Handled rate limits and optimised data retrieval operations.
Geospatial Insights
Used Leveraged Geopandas for mapping the variations of Population Density and AQI.
Key Findings
Population density is a contributing factor to air quality, although other factors like industry and agriculture are of great influence.
In some high-density cities, the air was cleaner, which implied good environmental policies.

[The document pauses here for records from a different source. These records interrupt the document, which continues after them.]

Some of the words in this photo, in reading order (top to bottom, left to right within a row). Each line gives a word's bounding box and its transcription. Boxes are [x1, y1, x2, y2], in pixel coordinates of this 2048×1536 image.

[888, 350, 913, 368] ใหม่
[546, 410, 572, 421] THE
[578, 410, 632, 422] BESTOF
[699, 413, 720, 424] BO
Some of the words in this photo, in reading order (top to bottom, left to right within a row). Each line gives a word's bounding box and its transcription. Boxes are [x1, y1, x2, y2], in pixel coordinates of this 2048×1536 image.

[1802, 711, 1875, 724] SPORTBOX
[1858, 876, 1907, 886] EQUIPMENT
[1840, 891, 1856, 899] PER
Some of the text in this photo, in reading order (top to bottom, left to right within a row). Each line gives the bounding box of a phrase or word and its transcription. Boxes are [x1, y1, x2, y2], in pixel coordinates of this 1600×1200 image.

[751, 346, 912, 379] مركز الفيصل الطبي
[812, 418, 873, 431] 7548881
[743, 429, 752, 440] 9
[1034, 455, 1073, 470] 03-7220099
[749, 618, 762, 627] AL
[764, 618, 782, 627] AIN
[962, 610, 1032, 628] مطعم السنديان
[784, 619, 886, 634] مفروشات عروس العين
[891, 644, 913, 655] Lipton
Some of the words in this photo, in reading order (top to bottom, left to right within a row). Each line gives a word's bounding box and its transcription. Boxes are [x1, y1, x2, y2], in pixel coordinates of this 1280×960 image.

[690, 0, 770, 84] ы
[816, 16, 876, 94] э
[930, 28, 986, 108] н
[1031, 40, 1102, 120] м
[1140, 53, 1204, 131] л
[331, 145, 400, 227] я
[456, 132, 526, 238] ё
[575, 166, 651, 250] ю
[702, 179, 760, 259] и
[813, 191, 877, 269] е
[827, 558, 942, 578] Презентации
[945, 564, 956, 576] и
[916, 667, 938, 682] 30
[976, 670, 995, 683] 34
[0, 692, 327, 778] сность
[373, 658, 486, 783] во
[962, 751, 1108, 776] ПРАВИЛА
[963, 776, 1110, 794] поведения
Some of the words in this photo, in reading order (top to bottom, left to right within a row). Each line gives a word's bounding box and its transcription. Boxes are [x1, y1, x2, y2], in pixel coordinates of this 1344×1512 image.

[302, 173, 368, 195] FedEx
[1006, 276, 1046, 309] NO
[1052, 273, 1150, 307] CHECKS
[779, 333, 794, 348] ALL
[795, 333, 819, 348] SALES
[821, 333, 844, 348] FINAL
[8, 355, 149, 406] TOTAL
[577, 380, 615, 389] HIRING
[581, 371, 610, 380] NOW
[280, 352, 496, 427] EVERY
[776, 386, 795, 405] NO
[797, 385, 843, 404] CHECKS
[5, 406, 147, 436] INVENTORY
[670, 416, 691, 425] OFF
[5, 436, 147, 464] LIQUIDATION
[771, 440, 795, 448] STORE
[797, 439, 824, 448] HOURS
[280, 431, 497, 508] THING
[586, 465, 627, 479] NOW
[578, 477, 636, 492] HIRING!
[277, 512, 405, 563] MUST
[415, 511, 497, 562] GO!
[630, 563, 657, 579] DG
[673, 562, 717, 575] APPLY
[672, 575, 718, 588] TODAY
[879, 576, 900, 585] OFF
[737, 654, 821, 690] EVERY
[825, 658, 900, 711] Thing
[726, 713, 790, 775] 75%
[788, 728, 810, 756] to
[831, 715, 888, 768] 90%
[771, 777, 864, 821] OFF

This study reinforced the importance of sustainable urban planning and industry regulation.
Impact & Insights
This project has shown how data science techniques can be used to deliver insights into environmental problems. Results suggest the importance of a multi-faceted approach, including the use of policies, technological implementation, and sustainable methods.
Analysis of Population and Air Quality
Between August 2024 and December 2024, our team embarked on a data project that explored the correlation between air pollution and population density in major cities spread across California and Texas. Utilizing Python programming, our team combined air quality indicators and population figures to determine how urbanization affects air quality.
Project Scope
Objective
To establish the relationship between population size and density and air quality parameters.
Data Sources
Air Quality Data: It is gathered by a public API, emphasizing 10 cities in California and Texas.
Population Statistics: Collected from various datasets in the public domain.
Key Steps and Approach
Data Wrangling
Used pandas for data cleaning and manipulation.
Consolidated the datasets on air quality and population.
Exploratory Data Analysis
Used Matplotlib and Seaborn for visualization.
Used NumPy for statistical computations.
API Handling
Handled API requests through Requests.
Handled rate limits and optimised data retrieval operations.
Geospatial Insights
Used Leveraged Geopandas for mapping the variations of Population Density and AQI.
Key Findings
Population density is a contributing factor to air quality, although other factors like industry and agriculture are of great influence.
In some high-density cities, the air was cleaner, which implied good environmental policies.
This study reinforced the importance of sustainable urban planning and industry regulation.
Impact & Insights
This project has shown how data science techniques can be used to deliver insights into environmental problems. Results suggest the importance of a multi-faceted approach, including the use of policies, technological implementation, and sustainable methods.